GOVERNO-TAMPÃO

Dino pede vista em julgamento sobre eleições no RJ e aguarda acórdão do TSE

Com placar empatado em 1 a 1, ministro pede vista alegando "encruzilhada jurídica" com renúncia de Cláudio Castro. Cármen Lúcia promete celeridade na publicação de decisão para agilizar retorno da pauta ao STF

O ministro do Supremo Tribunal Federal (STF), Flávio Dino, pediu vista nesta quinta-feira (9/4) no julgamento que vai definir se a eleição para o governo-tampão do Rio de Janeiro será direta ou indireta. O magistrado afirmou que é necessário aguardar a publicação do acórdão do Tribunal Superior Eleitoral (TSE) sobre a cassação e renúncia de Cláudio Castro (PL) para garantir segurança jurídica à decisão.

O ministro classificou o caso como de “altíssima complexidade” e o descreveu como uma “encruzilhada jurídica”. Segundo Dino, o principal ponto de preocupação é que a renúncia Castro, em 23 de fevereiro, ocorreu na véspera do desfecho do julgamento no TSE, criando um “fato novo” que levou à revisão de votos e levantou dúvidas sobre a natureza da vacância — se eleitoral ou administrativa.

Em sua decisão, o magistrado afirmou que não votaria com base apenas no que foi transmitido pela TV Justiça sobre o julgamento de Castro no TSE, defendendo que o Supremo deve se apoiar nos autos e no acórdão publicado para esclarecer pontos ainda controversos.

Com o pedido de vista, o estado do Rio de Janeiro continua sendo governado de forma plena e transitória pelo desembargador Ricardo Couto, presidente do Tribunal de Justiça do estado.

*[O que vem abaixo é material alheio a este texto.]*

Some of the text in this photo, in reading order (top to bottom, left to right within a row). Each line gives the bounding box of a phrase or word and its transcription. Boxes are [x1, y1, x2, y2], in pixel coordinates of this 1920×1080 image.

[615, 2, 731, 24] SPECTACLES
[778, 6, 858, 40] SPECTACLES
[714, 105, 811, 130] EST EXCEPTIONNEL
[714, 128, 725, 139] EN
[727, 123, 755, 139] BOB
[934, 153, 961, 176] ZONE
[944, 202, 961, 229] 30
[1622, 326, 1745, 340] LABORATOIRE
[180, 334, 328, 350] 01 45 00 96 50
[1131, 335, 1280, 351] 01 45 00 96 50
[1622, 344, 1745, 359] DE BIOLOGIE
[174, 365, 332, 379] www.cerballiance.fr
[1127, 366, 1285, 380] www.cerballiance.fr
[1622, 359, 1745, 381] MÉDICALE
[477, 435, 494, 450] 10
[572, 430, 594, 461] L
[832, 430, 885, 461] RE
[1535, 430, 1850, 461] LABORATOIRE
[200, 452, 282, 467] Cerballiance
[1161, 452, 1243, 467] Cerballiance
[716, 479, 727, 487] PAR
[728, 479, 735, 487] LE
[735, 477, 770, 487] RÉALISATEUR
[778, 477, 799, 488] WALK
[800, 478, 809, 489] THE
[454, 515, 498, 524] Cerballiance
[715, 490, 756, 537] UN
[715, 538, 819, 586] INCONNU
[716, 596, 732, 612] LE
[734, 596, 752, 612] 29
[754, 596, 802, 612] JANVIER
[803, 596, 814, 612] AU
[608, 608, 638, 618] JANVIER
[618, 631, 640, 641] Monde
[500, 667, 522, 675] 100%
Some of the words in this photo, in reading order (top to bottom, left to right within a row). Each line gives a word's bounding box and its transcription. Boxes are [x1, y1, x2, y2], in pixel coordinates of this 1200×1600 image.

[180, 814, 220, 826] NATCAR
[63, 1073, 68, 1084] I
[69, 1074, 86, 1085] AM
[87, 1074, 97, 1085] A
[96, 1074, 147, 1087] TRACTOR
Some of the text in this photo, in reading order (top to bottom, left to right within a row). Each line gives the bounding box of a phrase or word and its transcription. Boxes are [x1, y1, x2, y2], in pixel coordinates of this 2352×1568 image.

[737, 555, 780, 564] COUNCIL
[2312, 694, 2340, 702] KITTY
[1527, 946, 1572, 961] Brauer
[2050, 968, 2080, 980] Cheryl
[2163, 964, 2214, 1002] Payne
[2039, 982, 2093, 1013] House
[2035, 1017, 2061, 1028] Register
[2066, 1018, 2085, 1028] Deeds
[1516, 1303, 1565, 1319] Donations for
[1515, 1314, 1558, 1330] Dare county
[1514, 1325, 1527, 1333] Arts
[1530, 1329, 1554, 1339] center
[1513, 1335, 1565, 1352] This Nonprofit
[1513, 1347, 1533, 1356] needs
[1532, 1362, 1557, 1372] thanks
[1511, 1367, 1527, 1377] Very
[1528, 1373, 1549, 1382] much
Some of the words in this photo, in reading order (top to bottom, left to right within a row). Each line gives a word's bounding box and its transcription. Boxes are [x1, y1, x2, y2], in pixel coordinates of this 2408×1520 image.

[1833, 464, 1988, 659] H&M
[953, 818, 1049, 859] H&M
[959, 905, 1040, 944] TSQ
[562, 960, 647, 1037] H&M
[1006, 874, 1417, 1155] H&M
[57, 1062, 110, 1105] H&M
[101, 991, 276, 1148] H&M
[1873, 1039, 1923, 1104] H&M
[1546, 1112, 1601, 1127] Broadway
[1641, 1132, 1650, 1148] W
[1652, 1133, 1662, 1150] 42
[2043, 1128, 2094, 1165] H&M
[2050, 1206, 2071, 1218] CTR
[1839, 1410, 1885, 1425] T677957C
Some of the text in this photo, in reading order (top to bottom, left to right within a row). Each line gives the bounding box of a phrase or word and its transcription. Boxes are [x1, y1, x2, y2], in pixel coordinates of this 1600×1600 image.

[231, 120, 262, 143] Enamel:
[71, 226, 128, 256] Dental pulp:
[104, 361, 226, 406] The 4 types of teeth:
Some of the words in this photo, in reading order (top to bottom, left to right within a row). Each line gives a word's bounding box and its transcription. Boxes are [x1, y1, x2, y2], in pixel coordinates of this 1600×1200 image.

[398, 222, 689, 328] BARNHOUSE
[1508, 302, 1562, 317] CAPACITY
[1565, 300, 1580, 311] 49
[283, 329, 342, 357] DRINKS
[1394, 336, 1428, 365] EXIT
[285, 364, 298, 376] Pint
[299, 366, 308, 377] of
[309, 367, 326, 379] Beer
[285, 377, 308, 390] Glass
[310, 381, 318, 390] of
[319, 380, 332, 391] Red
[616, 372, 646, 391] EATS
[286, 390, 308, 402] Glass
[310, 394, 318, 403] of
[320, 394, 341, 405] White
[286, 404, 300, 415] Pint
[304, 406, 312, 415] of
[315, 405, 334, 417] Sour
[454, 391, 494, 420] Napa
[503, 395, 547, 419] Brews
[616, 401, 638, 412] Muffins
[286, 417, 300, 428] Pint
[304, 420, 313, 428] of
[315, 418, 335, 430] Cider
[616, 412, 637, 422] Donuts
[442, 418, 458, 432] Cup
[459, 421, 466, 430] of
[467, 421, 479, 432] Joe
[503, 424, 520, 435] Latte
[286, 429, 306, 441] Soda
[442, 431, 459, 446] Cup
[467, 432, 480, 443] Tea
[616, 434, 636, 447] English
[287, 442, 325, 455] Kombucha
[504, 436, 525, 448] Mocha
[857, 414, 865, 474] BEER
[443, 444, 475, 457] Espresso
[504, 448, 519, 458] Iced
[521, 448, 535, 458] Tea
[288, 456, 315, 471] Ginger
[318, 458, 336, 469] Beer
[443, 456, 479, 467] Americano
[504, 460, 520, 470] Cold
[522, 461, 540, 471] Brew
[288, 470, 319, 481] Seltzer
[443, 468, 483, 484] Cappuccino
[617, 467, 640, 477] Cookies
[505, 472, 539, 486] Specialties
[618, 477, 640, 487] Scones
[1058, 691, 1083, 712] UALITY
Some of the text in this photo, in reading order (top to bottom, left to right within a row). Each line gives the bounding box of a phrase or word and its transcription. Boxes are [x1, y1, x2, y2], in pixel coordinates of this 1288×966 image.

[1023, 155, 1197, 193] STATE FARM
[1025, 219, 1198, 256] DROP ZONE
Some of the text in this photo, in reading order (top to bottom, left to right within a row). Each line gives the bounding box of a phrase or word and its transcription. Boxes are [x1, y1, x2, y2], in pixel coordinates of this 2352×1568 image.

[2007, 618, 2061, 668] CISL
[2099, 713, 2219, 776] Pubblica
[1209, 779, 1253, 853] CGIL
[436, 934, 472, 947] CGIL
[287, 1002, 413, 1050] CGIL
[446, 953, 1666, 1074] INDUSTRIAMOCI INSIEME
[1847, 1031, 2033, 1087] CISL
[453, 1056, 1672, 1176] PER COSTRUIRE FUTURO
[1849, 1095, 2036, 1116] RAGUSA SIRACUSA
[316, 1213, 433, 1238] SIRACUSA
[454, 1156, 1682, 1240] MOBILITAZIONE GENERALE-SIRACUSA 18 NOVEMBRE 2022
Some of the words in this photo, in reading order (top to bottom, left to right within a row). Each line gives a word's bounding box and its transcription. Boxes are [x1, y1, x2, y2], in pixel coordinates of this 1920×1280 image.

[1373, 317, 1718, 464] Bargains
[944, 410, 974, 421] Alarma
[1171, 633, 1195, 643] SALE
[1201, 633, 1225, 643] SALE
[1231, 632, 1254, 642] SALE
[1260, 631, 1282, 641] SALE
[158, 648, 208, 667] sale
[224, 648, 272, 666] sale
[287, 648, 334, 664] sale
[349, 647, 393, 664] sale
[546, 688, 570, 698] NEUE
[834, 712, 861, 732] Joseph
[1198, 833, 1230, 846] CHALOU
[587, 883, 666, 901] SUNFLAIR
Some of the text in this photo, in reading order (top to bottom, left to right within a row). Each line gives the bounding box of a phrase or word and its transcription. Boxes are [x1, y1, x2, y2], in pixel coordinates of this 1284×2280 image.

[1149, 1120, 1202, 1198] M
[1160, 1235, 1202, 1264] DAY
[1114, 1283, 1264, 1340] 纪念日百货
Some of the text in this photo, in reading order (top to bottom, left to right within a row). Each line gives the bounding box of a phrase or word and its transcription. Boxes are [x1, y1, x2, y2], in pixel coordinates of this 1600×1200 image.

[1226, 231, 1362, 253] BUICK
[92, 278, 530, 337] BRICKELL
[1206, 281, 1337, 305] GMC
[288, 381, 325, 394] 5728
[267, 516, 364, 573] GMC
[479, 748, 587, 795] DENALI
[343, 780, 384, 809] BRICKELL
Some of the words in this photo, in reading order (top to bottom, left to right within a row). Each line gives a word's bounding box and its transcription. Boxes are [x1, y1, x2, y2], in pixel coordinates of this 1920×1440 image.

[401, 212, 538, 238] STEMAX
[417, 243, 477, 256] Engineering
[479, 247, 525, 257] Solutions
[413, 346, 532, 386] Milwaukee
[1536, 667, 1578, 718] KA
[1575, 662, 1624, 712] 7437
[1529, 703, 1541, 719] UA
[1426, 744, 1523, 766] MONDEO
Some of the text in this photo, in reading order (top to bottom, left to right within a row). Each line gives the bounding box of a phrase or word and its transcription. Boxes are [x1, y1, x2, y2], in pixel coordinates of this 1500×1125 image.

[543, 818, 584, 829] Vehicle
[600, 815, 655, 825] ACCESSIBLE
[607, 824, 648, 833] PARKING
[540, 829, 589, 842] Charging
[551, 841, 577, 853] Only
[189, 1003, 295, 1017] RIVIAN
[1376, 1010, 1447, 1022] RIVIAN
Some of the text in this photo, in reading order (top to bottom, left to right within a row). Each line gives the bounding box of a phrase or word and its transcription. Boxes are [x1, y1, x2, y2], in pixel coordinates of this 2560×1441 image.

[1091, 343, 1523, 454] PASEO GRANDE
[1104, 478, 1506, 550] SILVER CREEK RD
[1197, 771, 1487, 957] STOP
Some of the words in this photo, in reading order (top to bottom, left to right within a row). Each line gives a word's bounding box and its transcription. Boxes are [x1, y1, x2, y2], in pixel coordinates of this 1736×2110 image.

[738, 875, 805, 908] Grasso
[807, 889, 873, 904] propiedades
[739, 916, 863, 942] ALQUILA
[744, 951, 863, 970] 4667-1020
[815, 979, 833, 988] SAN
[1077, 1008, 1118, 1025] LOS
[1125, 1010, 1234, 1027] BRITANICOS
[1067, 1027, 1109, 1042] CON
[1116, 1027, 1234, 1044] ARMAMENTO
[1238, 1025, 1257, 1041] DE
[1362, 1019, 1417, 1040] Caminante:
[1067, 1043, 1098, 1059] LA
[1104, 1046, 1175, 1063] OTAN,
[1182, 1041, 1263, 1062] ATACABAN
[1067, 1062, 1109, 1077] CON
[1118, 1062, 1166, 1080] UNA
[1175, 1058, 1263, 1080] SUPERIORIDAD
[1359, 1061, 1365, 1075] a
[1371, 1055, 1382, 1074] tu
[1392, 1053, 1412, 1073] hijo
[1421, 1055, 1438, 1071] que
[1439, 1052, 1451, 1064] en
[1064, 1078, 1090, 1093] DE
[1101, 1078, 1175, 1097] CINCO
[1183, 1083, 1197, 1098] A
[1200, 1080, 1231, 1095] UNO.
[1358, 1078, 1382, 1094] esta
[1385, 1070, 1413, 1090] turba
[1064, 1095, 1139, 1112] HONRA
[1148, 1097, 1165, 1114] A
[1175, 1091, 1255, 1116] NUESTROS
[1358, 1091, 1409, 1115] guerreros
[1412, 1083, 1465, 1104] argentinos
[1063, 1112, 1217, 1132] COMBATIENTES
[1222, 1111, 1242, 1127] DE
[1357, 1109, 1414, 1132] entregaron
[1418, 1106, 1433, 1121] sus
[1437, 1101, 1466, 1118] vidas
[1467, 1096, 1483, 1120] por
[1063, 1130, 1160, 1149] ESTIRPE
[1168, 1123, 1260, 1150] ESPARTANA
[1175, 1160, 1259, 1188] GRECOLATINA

Intervenção de Cármen Lúcia

A ministra Cármen Lúcia, presidente do TSE, afirmou que o acórdão do julgamento na Corte Eleitoral será produzido com celeridade. Segundo ela, o ministro Antônio Carlos Ferreira, relator do acórdão, já está mobilizado para concluir o texto e viabilizar a publicação.

A presidente afirmou que a publicação do acórdão deve ocorrer “em breve” e com a “maior urgência possível”, para que o processo retorne ao plenário do STF com todos os subsídios necessários. Ela ressaltou ainda que, após a publicação, os advogados poderão recorrer pelos meios legais previstos.